Debianslug und Openslug
Debian basierende Linuxvarianten für die NSLU2. Nach der Übertragung des Systems auf die Slug werden durch „bootstraping“ weitere Systembestandteile auf die angeschlossene Festplatte / den USB-Stick installiert. Es liegt danach ein vollwertiges Debian-System vor, mit einer Bash und sämtlichen möglichen Debian-Paketen. Die Debianinstallation ist zwischenzeitlich sehr einfach geworden. Ein Grossteil der hier vorliegenden Howtos befasst sich mit Debian.

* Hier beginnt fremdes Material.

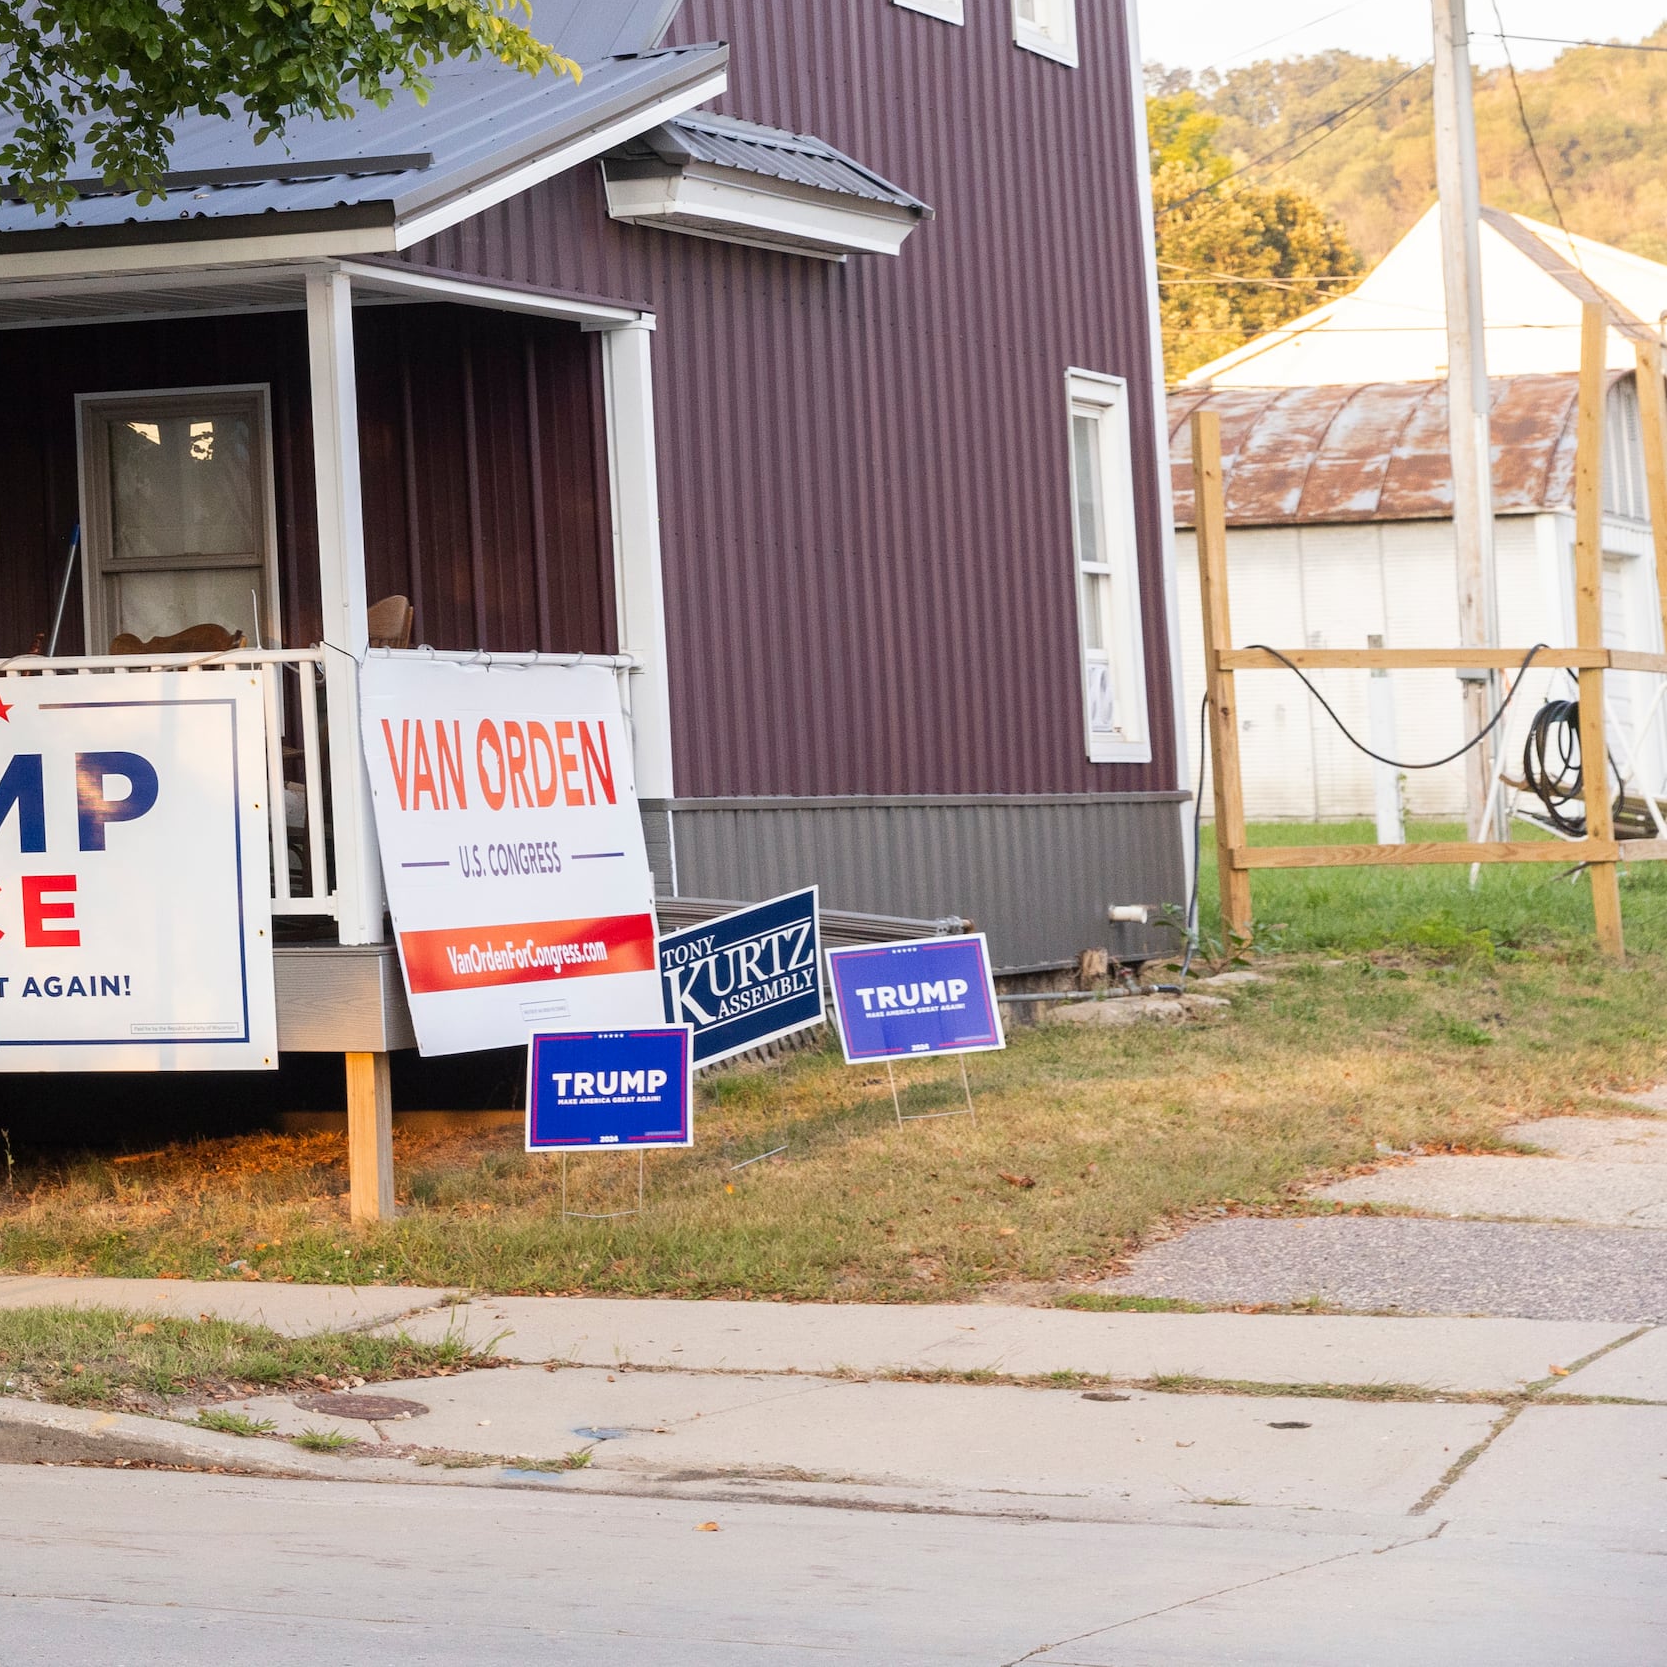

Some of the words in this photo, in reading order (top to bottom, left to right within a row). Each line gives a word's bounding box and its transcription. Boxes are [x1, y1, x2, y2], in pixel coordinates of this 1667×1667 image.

[381, 719, 468, 811] VAN
[476, 718, 617, 811] ORDEN
[459, 844, 487, 878] U.S.
[488, 841, 562, 877] CONGRESS
[446, 939, 609, 975] VanOrdenForCongress.com
[662, 935, 716, 969] TONY
[21, 974, 132, 999] AGAIN!
[663, 921, 815, 1025] KURTZ
[717, 967, 815, 1020] ASSEMBLY
[855, 978, 969, 1011] TRUMP
[552, 1069, 668, 1096] TRUMP
[579, 1097, 611, 1105] AMERICA
[612, 1096, 635, 1104] GREAT

Als Nebenvariante hiervon gibt es noch µslugC (uslugC) welche die µlibC verwendet. Durch Verwendung des thumb-target Modells verbleibt viel freies onboard flash mem für Applikationen bei verringertem Funktionsumfang der Bibliothek. Die Benutzerbasis dieser Variante ist eher gering.
Gentoo
Gentoo basierende Linuxvariante für die NSLU2. Es können sämtliche Pakete von Gentoo genutzt werden.